I started Medifast yesterday. Not so bad - the chicken noodle soup was actually GOOD. The bars were pretty good, albeit very small. But the oatmeal - yeah, Lyn over at Escape From Obesity is right about that crap. Ugh. Soymeal is more like it. Must figure out a way to improve that stuff. Or just eat the pudding instead, because that stuff rocked! Oh, and I lost 3 pounds overnight but I suppose that is to be expected after the first day of a diet, eating about half the calories I usually eat.

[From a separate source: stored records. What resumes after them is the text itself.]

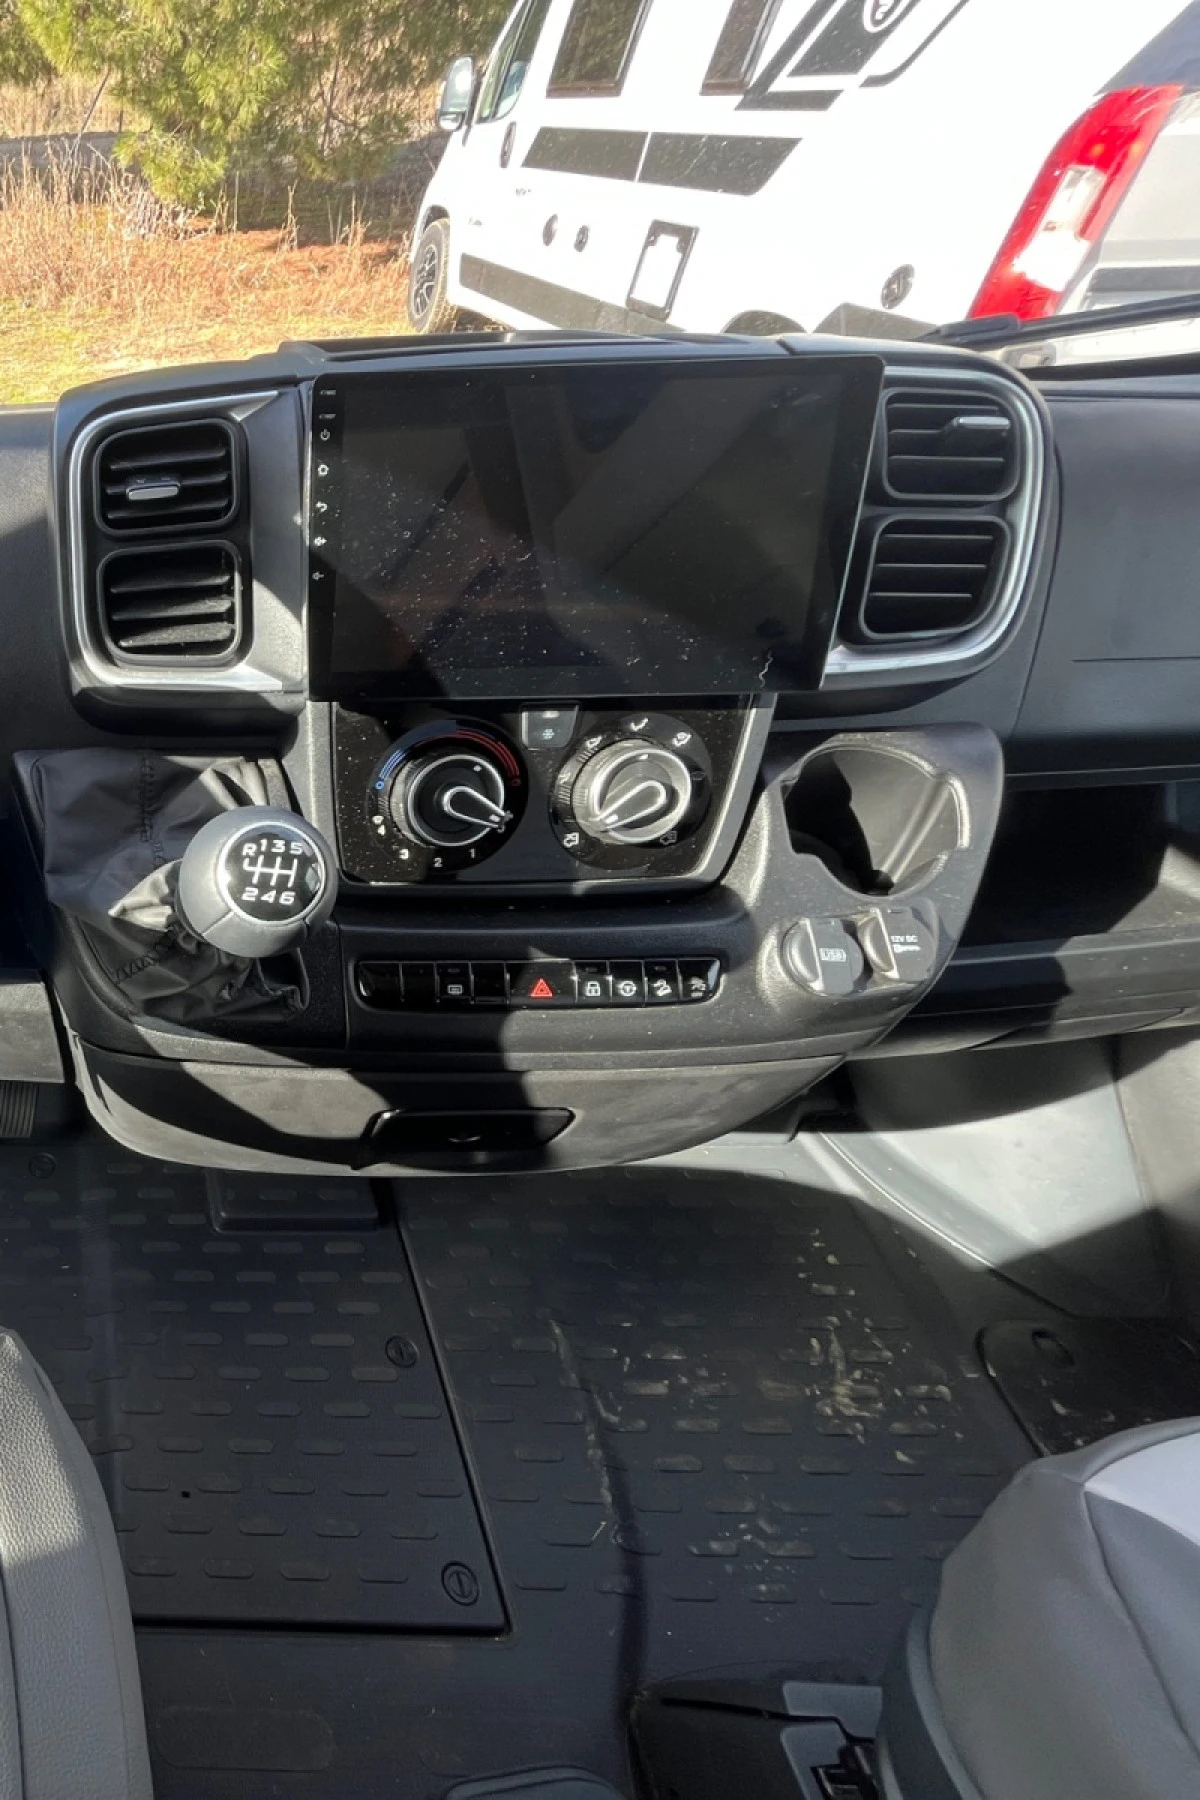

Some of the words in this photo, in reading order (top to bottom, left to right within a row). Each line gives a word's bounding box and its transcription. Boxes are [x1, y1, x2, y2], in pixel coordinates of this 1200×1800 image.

[242, 843, 257, 856] R
[260, 838, 268, 852] 1
[271, 839, 286, 853] 3
[290, 842, 304, 855] 5
[434, 857, 443, 868] 2
[242, 887, 259, 901] 2
[260, 889, 277, 904] 4
[279, 891, 296, 905] 6

In other news, I will be having my surgery for my knee on Friday. I am actually HAPPY about that because I am tired of scuttling around like an injured crab. And also, just knowing that I am going to have to go through all of this shit all over again (another recovery after surgery) is downright annoying. So yes, I am happy that the surgery is sooner rather than later.

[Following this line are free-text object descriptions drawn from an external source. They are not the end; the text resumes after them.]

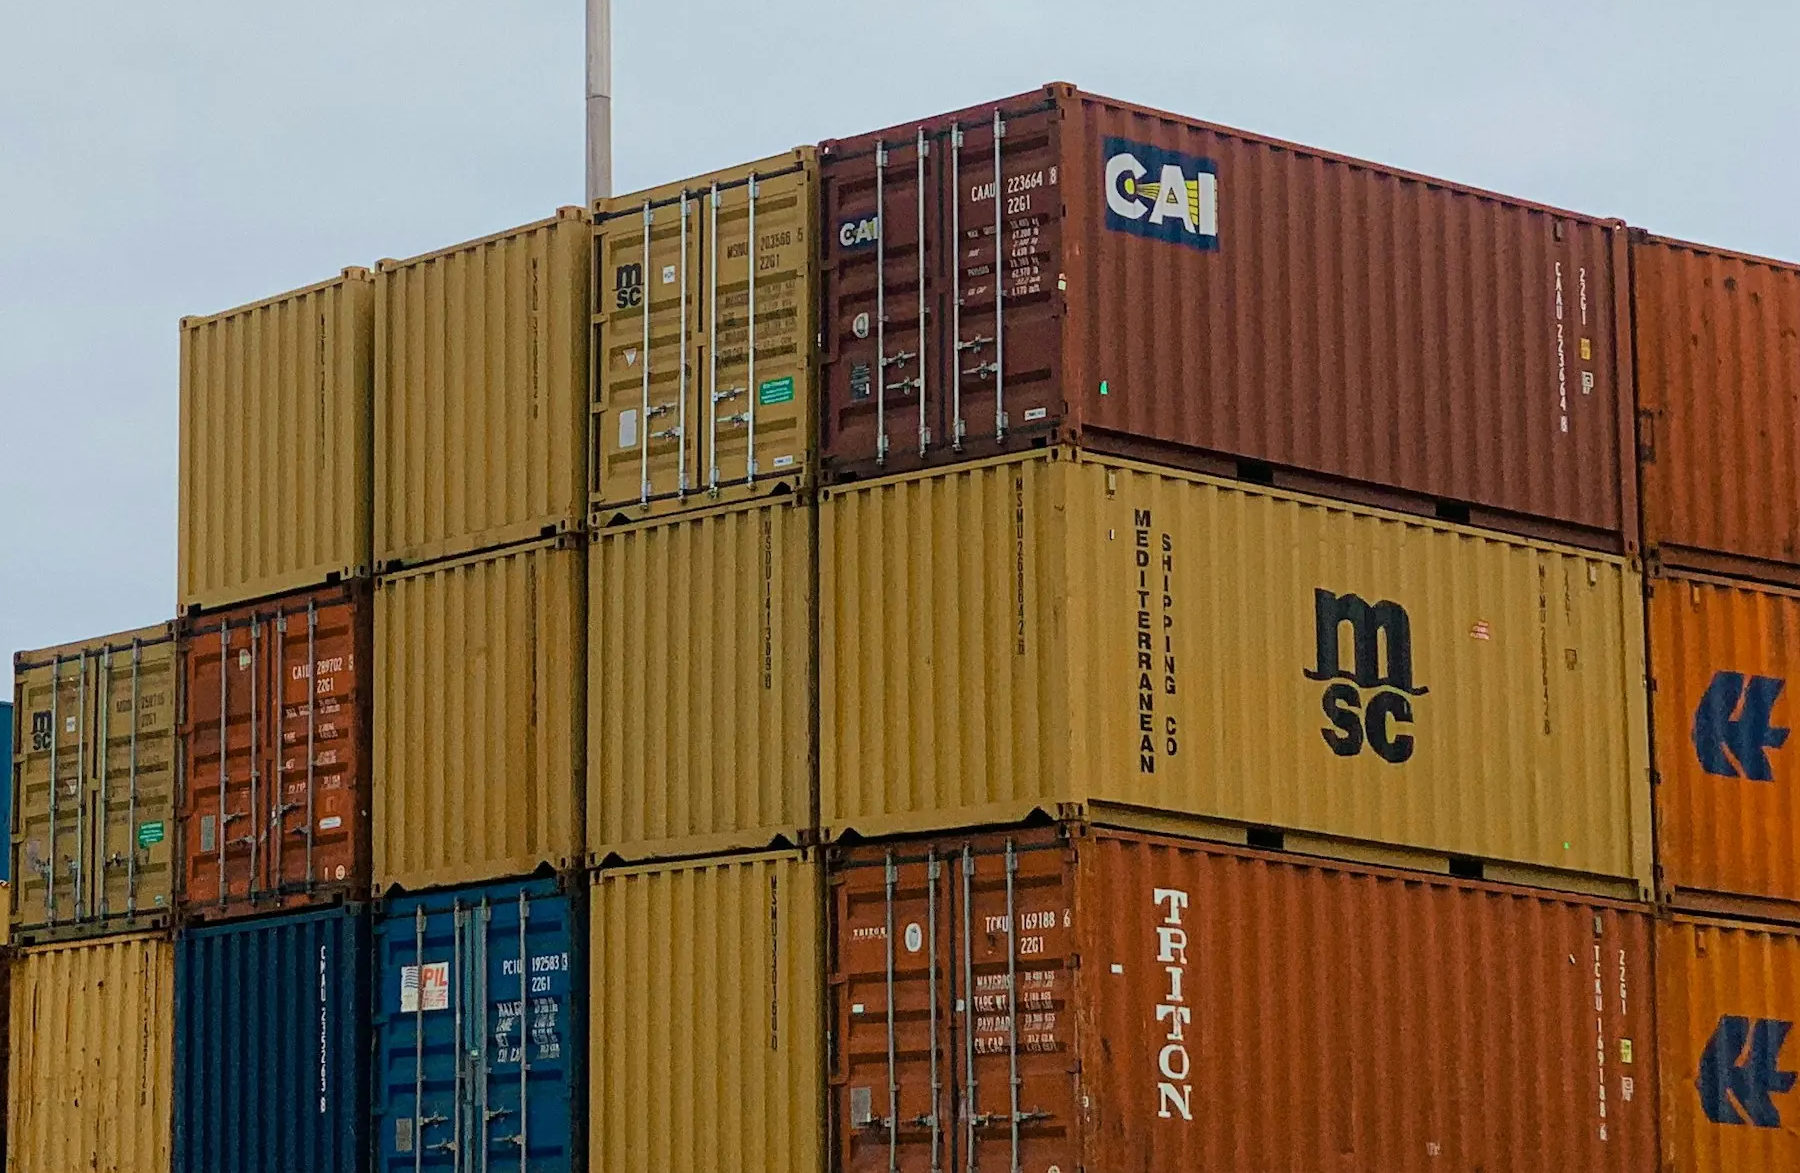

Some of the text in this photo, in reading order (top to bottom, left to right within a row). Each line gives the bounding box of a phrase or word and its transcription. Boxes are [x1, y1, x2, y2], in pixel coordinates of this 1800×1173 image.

[971, 166, 1057, 202] CAAU 223664 8
[1105, 152, 1216, 236] CAI
[1007, 194, 1030, 215] 22G1
[839, 217, 879, 246] CAI
[1555, 261, 1563, 320] CAAU
[1579, 267, 1588, 326] 22G1
[1557, 324, 1567, 411] 223664
[1134, 509, 1154, 775] MEDITERRANEAN
[1161, 533, 1178, 756] SHIPPING CO
[1021, 911, 1056, 930] 169188
[1021, 936, 1044, 954] 22G1
[422, 968, 447, 987] PIL
[503, 959, 524, 975] PCIU
[531, 954, 560, 972] 192583
[531, 976, 551, 992] 22G1
[1154, 888, 1193, 1121] TRITON

This week shouldn't be too bad for me. I finished a gigantic brief last week that was really weighing on my mind but it is filed and done and now I can focus on a few other matters that need my attention. And just prepare myself for surgery and getting my work life and home ready for it, too.

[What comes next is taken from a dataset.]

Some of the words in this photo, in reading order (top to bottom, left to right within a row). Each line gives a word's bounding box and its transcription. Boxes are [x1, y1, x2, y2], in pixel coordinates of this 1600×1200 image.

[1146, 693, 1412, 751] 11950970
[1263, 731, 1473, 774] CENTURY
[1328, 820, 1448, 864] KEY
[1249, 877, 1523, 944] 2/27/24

And, I know I don't talk about this very often because OMG, how would I feel if you people (who I don't even KNOW, really) actually knew who I really was, eeek! But I am just going to say it because I can't keep hiding who I am. Today is my seventeenth day of sobriety - I've been struggling for decades but the last year and a half has really been tough for me, not able to put together much more than a week at a time. It's alcohol, it's drugs, it's whatever I can get my damned hands on. Anything that numbs me to reality, really. So - there. Just wanted to share that little tidbit because I want to start chronicling my recovery-related issues here, too. I am happy today, feeling good, and doing the things I need to do for my recovery. Yay!